#### WORK TO BE COMPLETED
Images are to be skipped; everything else in the records must be repeated exactly.

==============================

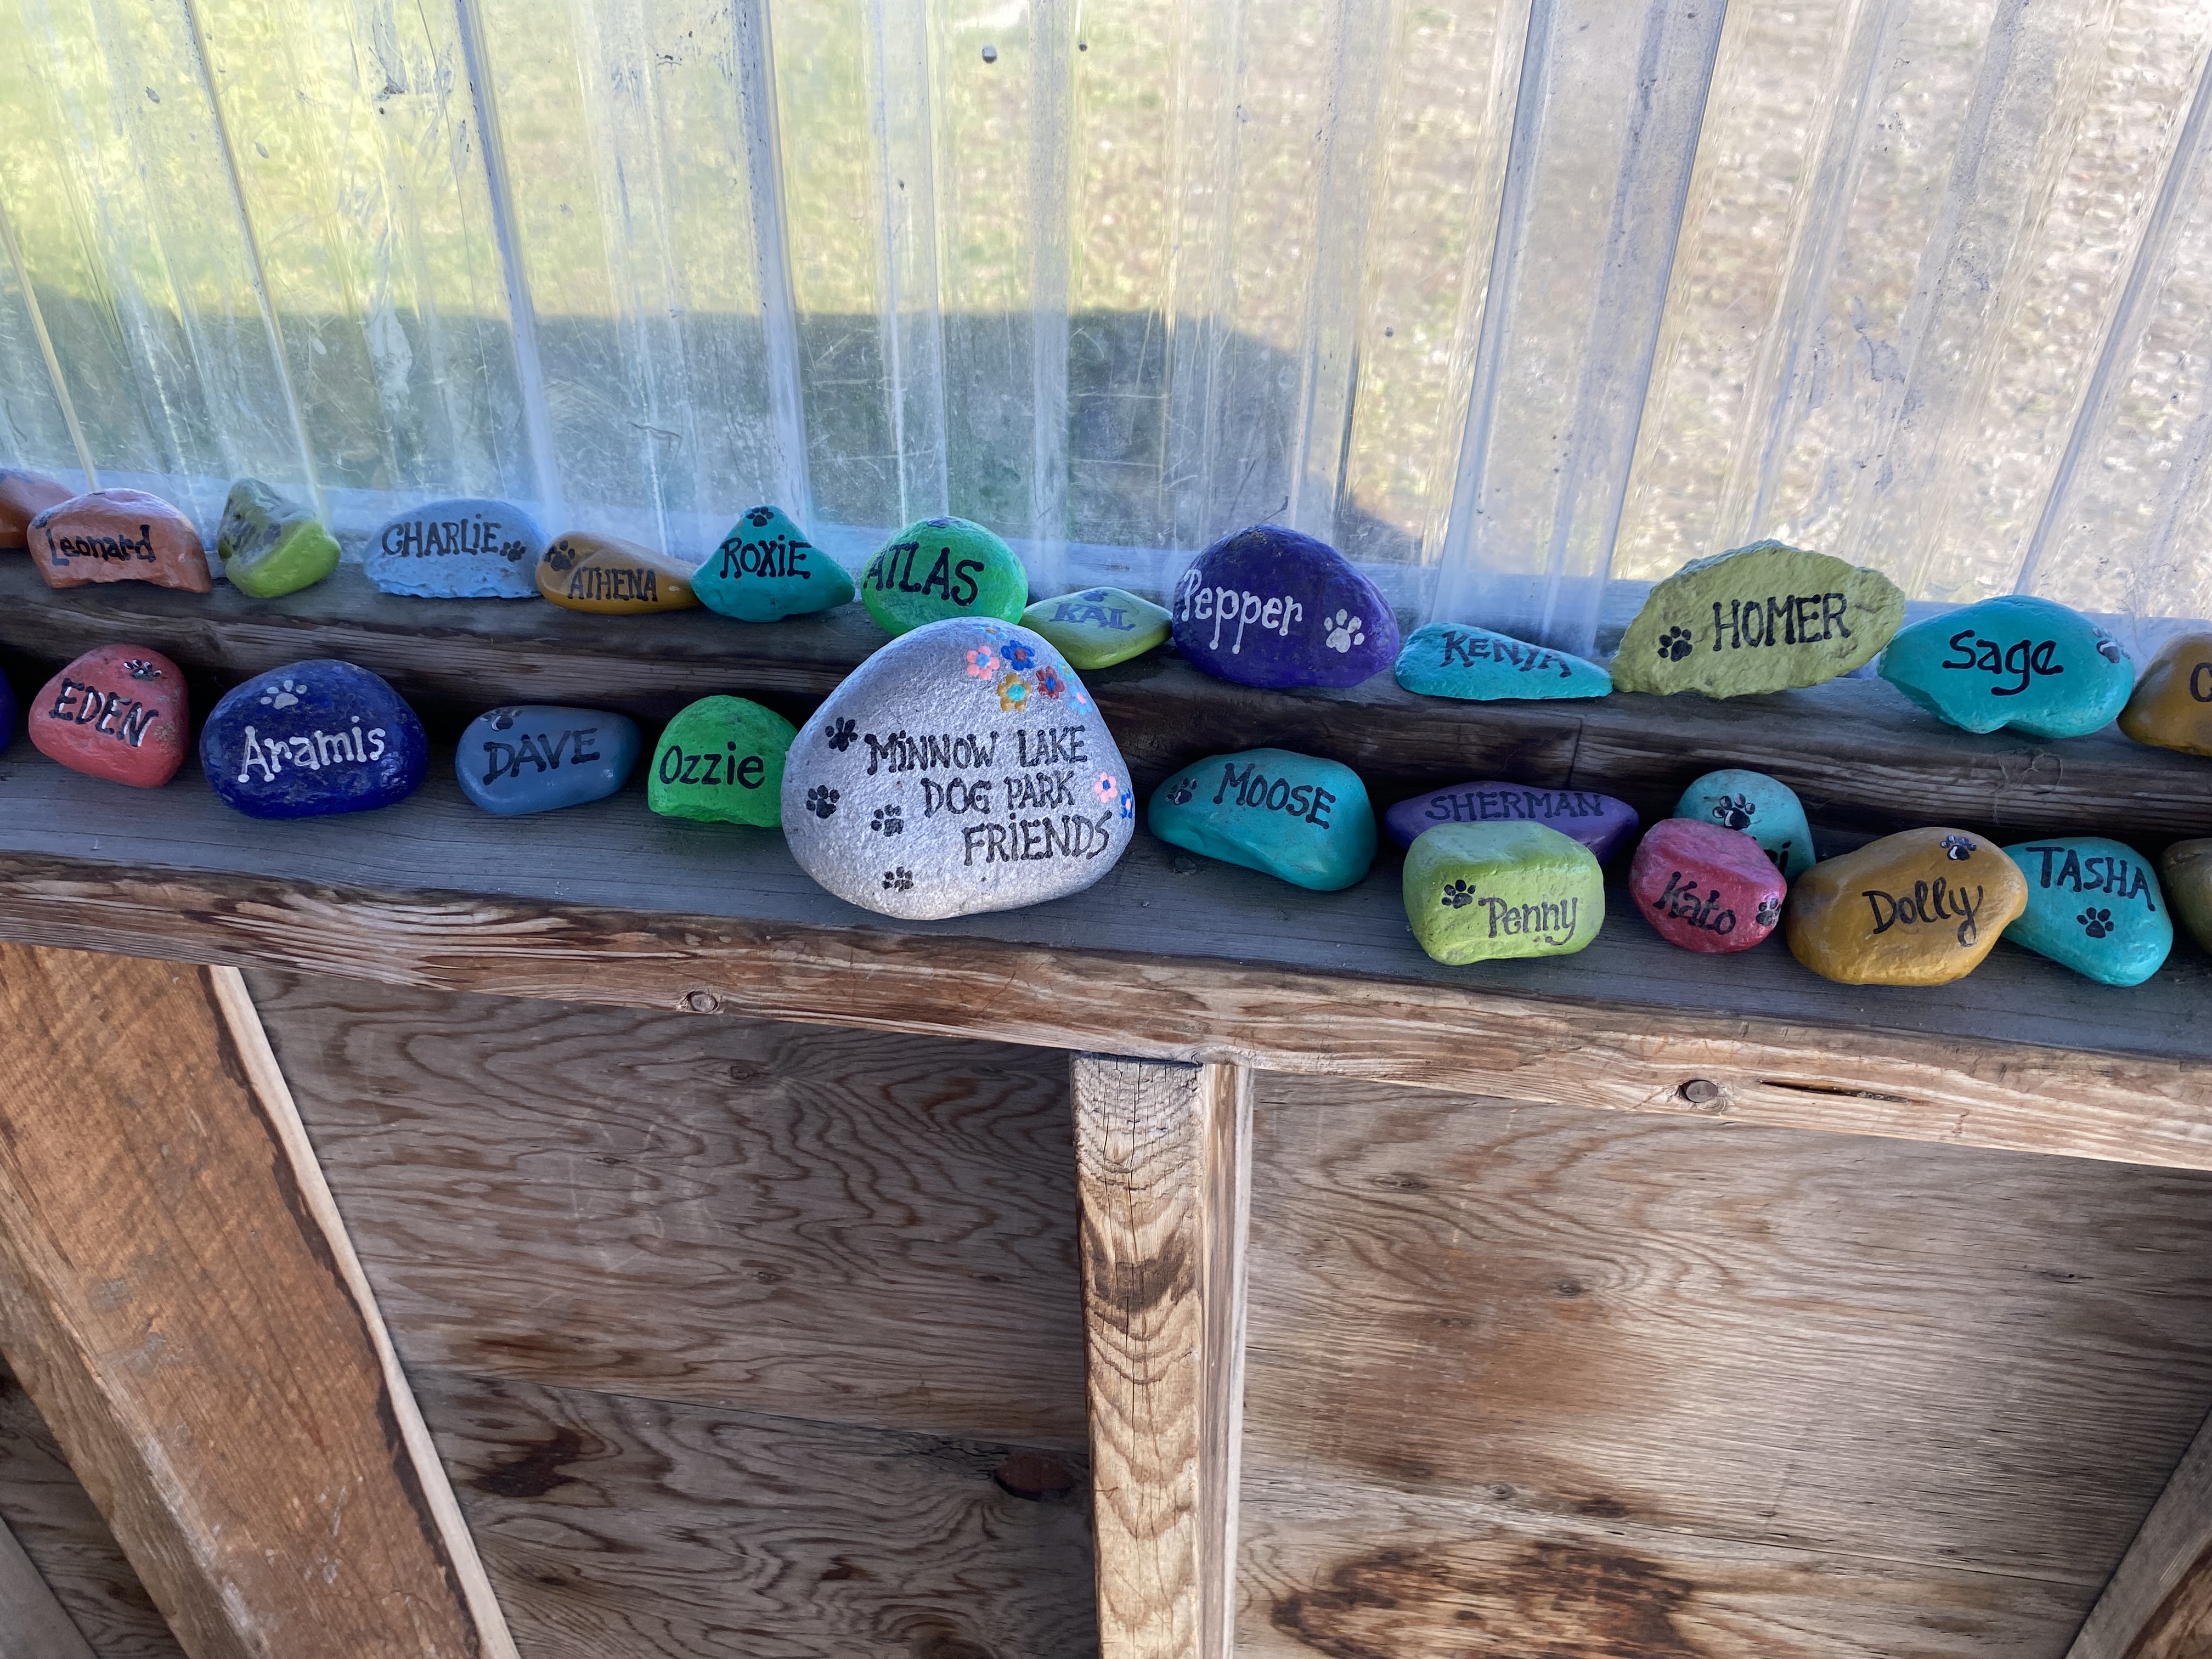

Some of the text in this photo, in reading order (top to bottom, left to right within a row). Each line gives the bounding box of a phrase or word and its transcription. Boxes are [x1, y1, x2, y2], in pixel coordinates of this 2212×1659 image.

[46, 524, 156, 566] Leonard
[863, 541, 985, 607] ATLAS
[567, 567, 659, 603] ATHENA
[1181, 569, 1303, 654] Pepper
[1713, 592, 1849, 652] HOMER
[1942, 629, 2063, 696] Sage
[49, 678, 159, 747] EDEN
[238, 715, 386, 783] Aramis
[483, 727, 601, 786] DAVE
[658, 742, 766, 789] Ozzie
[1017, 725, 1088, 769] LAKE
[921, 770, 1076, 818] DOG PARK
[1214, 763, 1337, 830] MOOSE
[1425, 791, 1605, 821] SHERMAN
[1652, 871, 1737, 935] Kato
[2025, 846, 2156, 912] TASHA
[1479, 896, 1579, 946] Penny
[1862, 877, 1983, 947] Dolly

==============================

#### FINAL ANSWER
Some of the text in this photo, in reading order (top to bottom, left to right within a row). Each line gives the bounding box of a phrase or word and its transcription. Boxes are [x1, y1, x2, y2], in pixel coordinates of this 2212×1659 image.

[46, 524, 156, 566] Leonard
[863, 541, 985, 607] ATLAS
[567, 567, 659, 603] ATHENA
[1181, 569, 1303, 654] Pepper
[1713, 592, 1849, 652] HOMER
[1942, 629, 2063, 696] Sage
[49, 678, 159, 747] EDEN
[238, 715, 386, 783] Aramis
[483, 727, 601, 786] DAVE
[658, 742, 766, 789] Ozzie
[1017, 725, 1088, 769] LAKE
[921, 770, 1076, 818] DOG PARK
[1214, 763, 1337, 830] MOOSE
[1425, 791, 1605, 821] SHERMAN
[1652, 871, 1737, 935] Kato
[2025, 846, 2156, 912] TASHA
[1479, 896, 1579, 946] Penny
[1862, 877, 1983, 947] Dolly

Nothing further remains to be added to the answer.